(Beginning of Exercise data)
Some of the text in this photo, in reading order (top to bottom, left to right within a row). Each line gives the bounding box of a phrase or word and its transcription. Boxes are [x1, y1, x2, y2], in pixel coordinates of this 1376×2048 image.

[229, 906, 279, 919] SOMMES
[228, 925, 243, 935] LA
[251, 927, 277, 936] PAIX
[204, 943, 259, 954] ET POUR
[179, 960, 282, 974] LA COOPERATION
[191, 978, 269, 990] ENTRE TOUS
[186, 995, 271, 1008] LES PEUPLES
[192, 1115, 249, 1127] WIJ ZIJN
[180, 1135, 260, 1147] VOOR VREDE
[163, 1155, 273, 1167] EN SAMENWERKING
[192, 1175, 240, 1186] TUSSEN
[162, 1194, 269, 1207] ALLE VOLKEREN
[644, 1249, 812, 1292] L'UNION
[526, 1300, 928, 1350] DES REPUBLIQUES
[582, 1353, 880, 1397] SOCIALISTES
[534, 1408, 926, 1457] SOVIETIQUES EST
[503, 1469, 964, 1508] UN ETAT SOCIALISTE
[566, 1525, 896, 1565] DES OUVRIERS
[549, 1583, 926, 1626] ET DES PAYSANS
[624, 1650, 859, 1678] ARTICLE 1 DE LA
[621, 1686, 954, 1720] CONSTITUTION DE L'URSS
(End of Exercise data)
*Problem to solve:*
Start to finish, transcribe the listing above exactly.

*Result of this task:*
Some of the text in this photo, in reading order (top to bottom, left to right within a row). Each line gives the bounding box of a phrase or word and its transcription. Boxes are [x1, y1, x2, y2], in pixel coordinates of this 1376×2048 image.

[229, 906, 279, 919] SOMMES
[228, 925, 243, 935] LA
[251, 927, 277, 936] PAIX
[204, 943, 259, 954] ET POUR
[179, 960, 282, 974] LA COOPERATION
[191, 978, 269, 990] ENTRE TOUS
[186, 995, 271, 1008] LES PEUPLES
[192, 1115, 249, 1127] WIJ ZIJN
[180, 1135, 260, 1147] VOOR VREDE
[163, 1155, 273, 1167] EN SAMENWERKING
[192, 1175, 240, 1186] TUSSEN
[162, 1194, 269, 1207] ALLE VOLKEREN
[644, 1249, 812, 1292] L'UNION
[526, 1300, 928, 1350] DES REPUBLIQUES
[582, 1353, 880, 1397] SOCIALISTES
[534, 1408, 926, 1457] SOVIETIQUES EST
[503, 1469, 964, 1508] UN ETAT SOCIALISTE
[566, 1525, 896, 1565] DES OUVRIERS
[549, 1583, 926, 1626] ET DES PAYSANS
[624, 1650, 859, 1678] ARTICLE 1 DE LA
[621, 1686, 954, 1720] CONSTITUTION DE L'URSS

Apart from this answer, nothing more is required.